ClickHouse is an open-source columnar OLAP database originally from Yandex, widely used for high-volume analytics and telemetry workloads. Clusters are sharded across nodes; cross-shard queries use distributed tables.

Distributed-query model

A ClickHouse cluster of N shards typically exposes two layers:

  • Distributed tables (in a database conventionally named default) — virtual tables backed by the Distributed table engine that fan out queries to the underlying shard tables on each node.
  • Underlying shard tables (in a database conventionally named r0) — where data is physically stored on each shard.

A client queries the distributed table; the coordinator fans out subqueries to r0.* on each shard node; results merge back.

Historically, distributed subqueries ran under a shared system account. A more fine-grained model runs them under the initiating user's account so that per-user resource limits and grants apply correctly — one bad subquery from a user can no longer affect others. Enabling this model requires granting users explicit access on the r0 underlying tables (they already had implicit access through the distributed tables).
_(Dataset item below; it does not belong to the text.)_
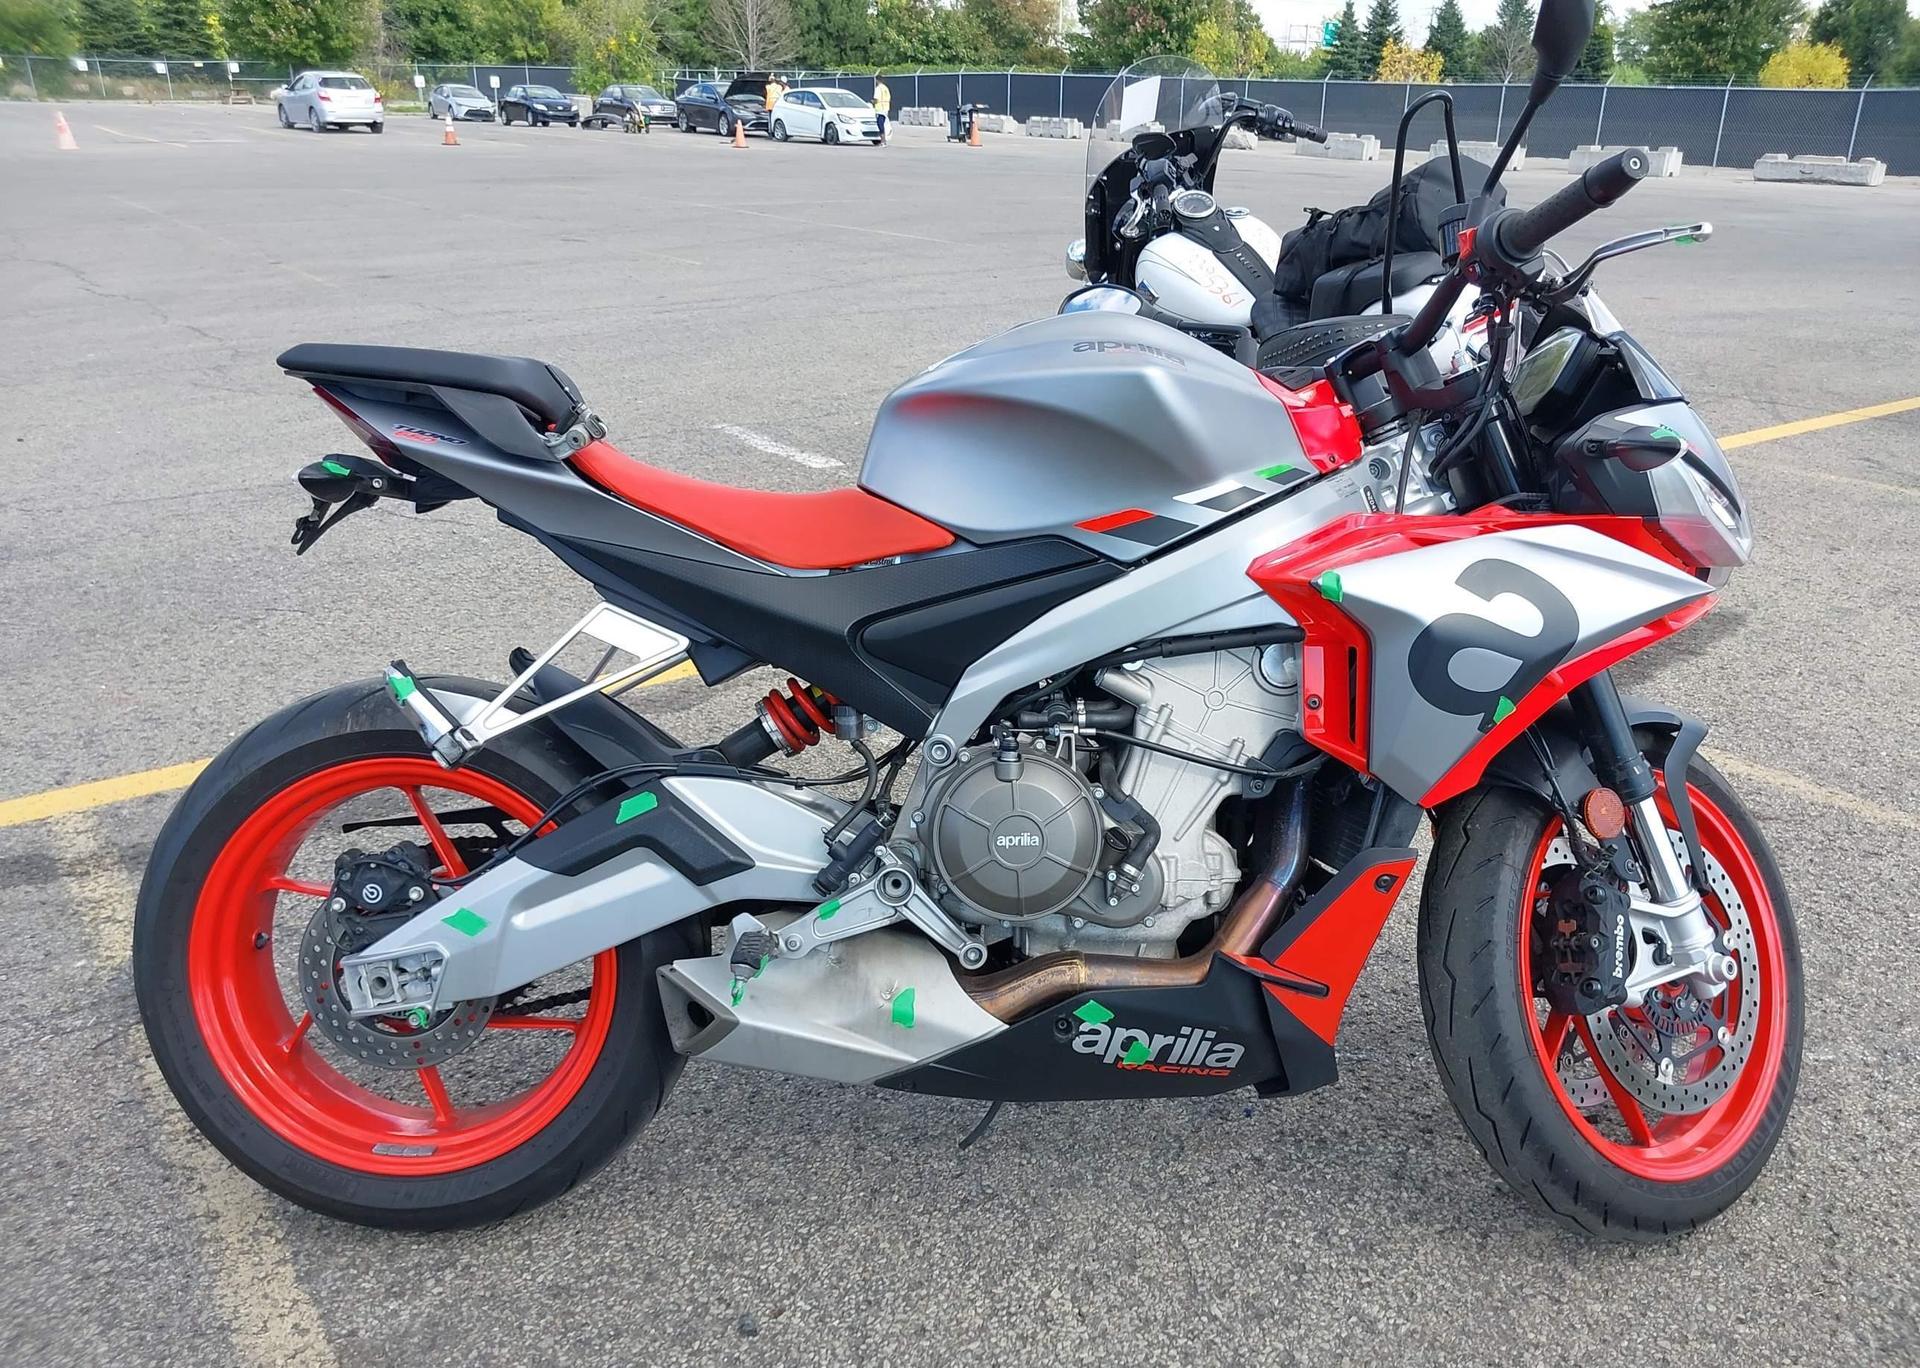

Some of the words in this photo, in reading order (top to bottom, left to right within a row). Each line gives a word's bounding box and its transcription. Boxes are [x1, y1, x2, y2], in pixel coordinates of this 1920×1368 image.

Canonical wiki concept: concepts/clickhouse-distributed-query.

System catalog

ClickHouse exposes metadata tables (system.tables, system.columns, etc.) that list tables / columns visible to the querying user. Metadata visibility follows the user's grants:

  • Without explicit r0 grants: system.columns shows only default columns.
  • With explicit r0 grants: system.columns shows both default and r0 columns.

For a given table name (e.g., http_requests_features), the same row appears once per database namespace the user can see. A query that filters by table but not by database will therefore return a different row count depending on the grants in effect.

Seen in

  • sources/2025-11-18-cloudflare-outage-on-november-18-2025 — canonical wiki instance. Cloudflare was mid-rollout of the per-user-account distributed-query model. The new grants made r0.http_requests_features visible via system.columns to users who previously saw only default.http_requests_features. A downstream consumer (Bot Management's feature-file generator) ran SELECT ... FROM system.columns WHERE table = 'http_requests_features' without filtering by database, so the result-row count roughly doubled on migrated nodes. The doubled-size feature file then broke the preallocated 200-feature cap in the FL2 core proxy — triggering a 3-hour core-traffic outage.